# SWT GridLayout



## ich_wills_wissen (3. Mai 2006)

hallo zusammen !

Habe gerade ein kleines Layout-problem:

Ich habe ich meiner Anzeige zwei Composites mit Inhalt.
Das untere (sie sind untereinander angeordnet) der beiden bekommt aber
einen dynamischen Inhalt (mehrere Listen-objekte, in welche Text eingetragen wird).
Die beiden Composites nehmen sich normalerweise (wenn die Listen nur ganz wenig Text enthalten)
so viel Platz wie es geht (GridData.FILL_BOTH) OHNE sich dabei aber zu überschneiden.

Wenn jetzt aber eine oder mehrere der Listen viel Text enthält dehnt sie sich zu sehr in die Länge und das 
untere Composite überschneidet das obere Composite (zum teil sogar so stark, daß man nurnoch
einen Teil von dem unteren Composite und dessen Inhalt sieht).
Alles was ich will ist, daß die Listen ab einer bestimmten Größe aufhören sich zu vergrößern und
dass dann stattdessen Scrollbars eingeblendet werden.. Wie kriege ich das hin ?

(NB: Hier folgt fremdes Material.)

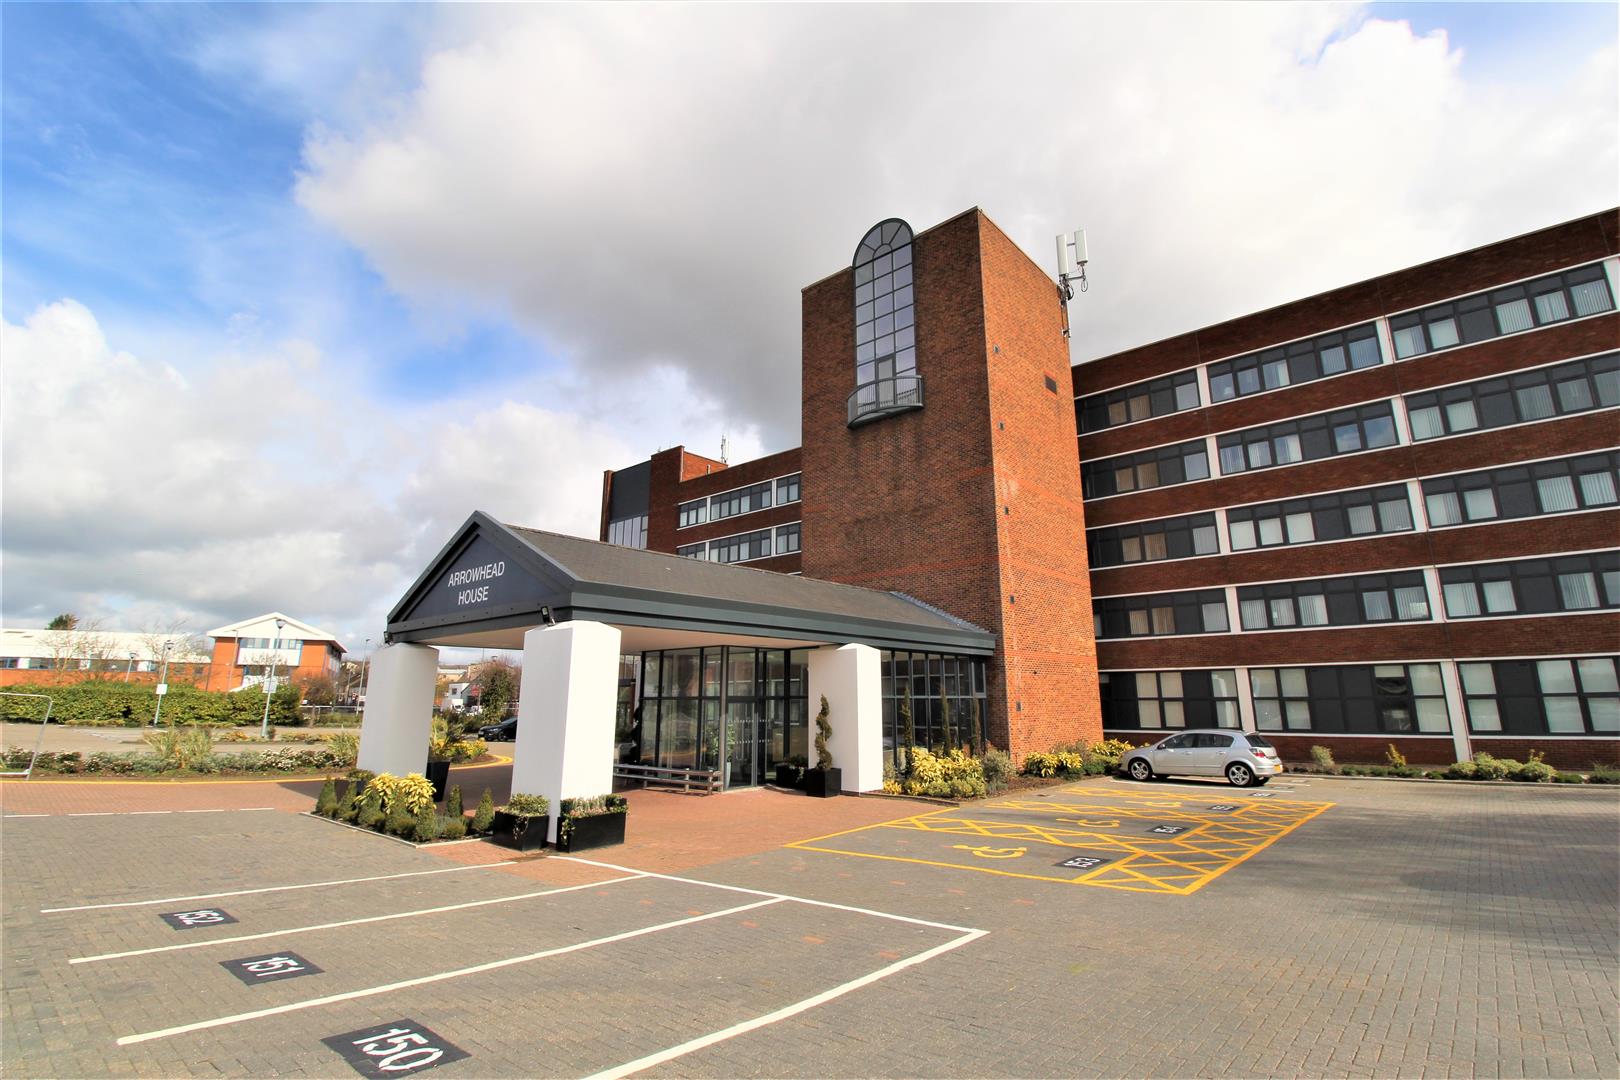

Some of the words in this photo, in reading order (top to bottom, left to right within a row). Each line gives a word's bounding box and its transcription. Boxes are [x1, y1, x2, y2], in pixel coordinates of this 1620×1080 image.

Ich vermute mal irgendwie über die GridData Objekte der Listen.. das Problem ist
halt, daß die Listen nach Möglichkeit alle gleich groß sein sollen..

Weiß jemand Rat ?  ???:L 

grübeln,

ich_wills_wissen  :###


----------



## byte (3. Mai 2006)

ich_wills_wissen hat gesagt.:
			
		

> das Problem ist halt, daß die Listen nach Möglichkeit alle gleich groß sein sollen..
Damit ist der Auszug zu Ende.